(Directions) Transcribe the entries that come next exactly, but not the pictures they contain.

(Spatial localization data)

§ §

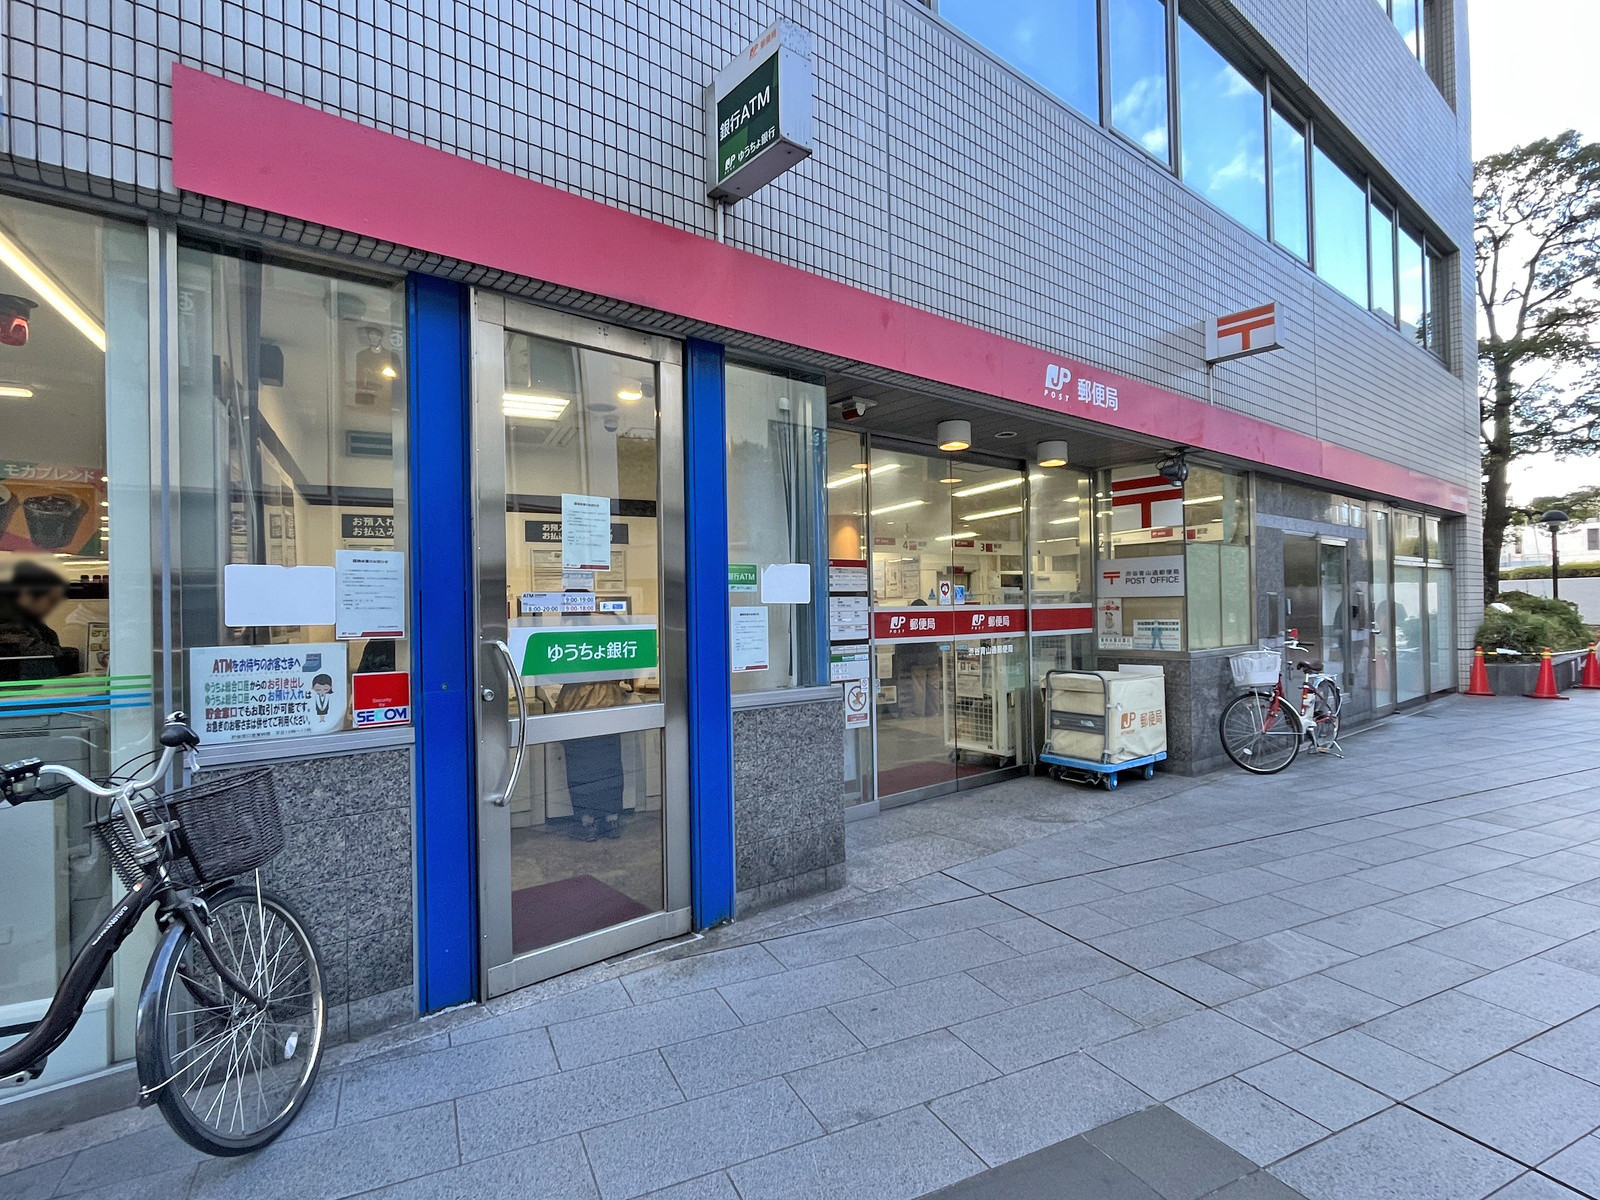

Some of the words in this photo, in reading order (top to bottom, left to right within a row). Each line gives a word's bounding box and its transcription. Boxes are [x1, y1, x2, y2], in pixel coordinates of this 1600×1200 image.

[719, 85, 770, 141] 銀行ATM
[737, 125, 776, 162] ゆうちょ銀行
[1043, 389, 1070, 402] POST
[1077, 378, 1118, 411] 郵便局
[1125, 576, 1146, 585] POST
[1150, 575, 1180, 584] OFFICE
[909, 617, 936, 631] 郵便局
[987, 615, 1010, 627] 郵便局
[547, 641, 637, 662] ゆうちょ銀行
[212, 657, 301, 674] ATMをお待ちのお客さまへ
[356, 707, 407, 724] SECOM
[1140, 709, 1163, 729] 郵便局

§ §

(Solution)
Some of the words in this photo, in reading order (top to bottom, left to right within a row). Each line gives a word's bounding box and its transcription. Boxes are [x1, y1, x2, y2], in pixel coordinates of this 1600×1200 image.

[719, 85, 770, 141] 銀行ATM
[737, 125, 776, 162] ゆうちょ銀行
[1043, 389, 1070, 402] POST
[1077, 378, 1118, 411] 郵便局
[1125, 576, 1146, 585] POST
[1150, 575, 1180, 584] OFFICE
[909, 617, 936, 631] 郵便局
[987, 615, 1010, 627] 郵便局
[547, 641, 637, 662] ゆうちょ銀行
[212, 657, 301, 674] ATMをお待ちのお客さまへ
[356, 707, 407, 724] SECOM
[1140, 709, 1163, 729] 郵便局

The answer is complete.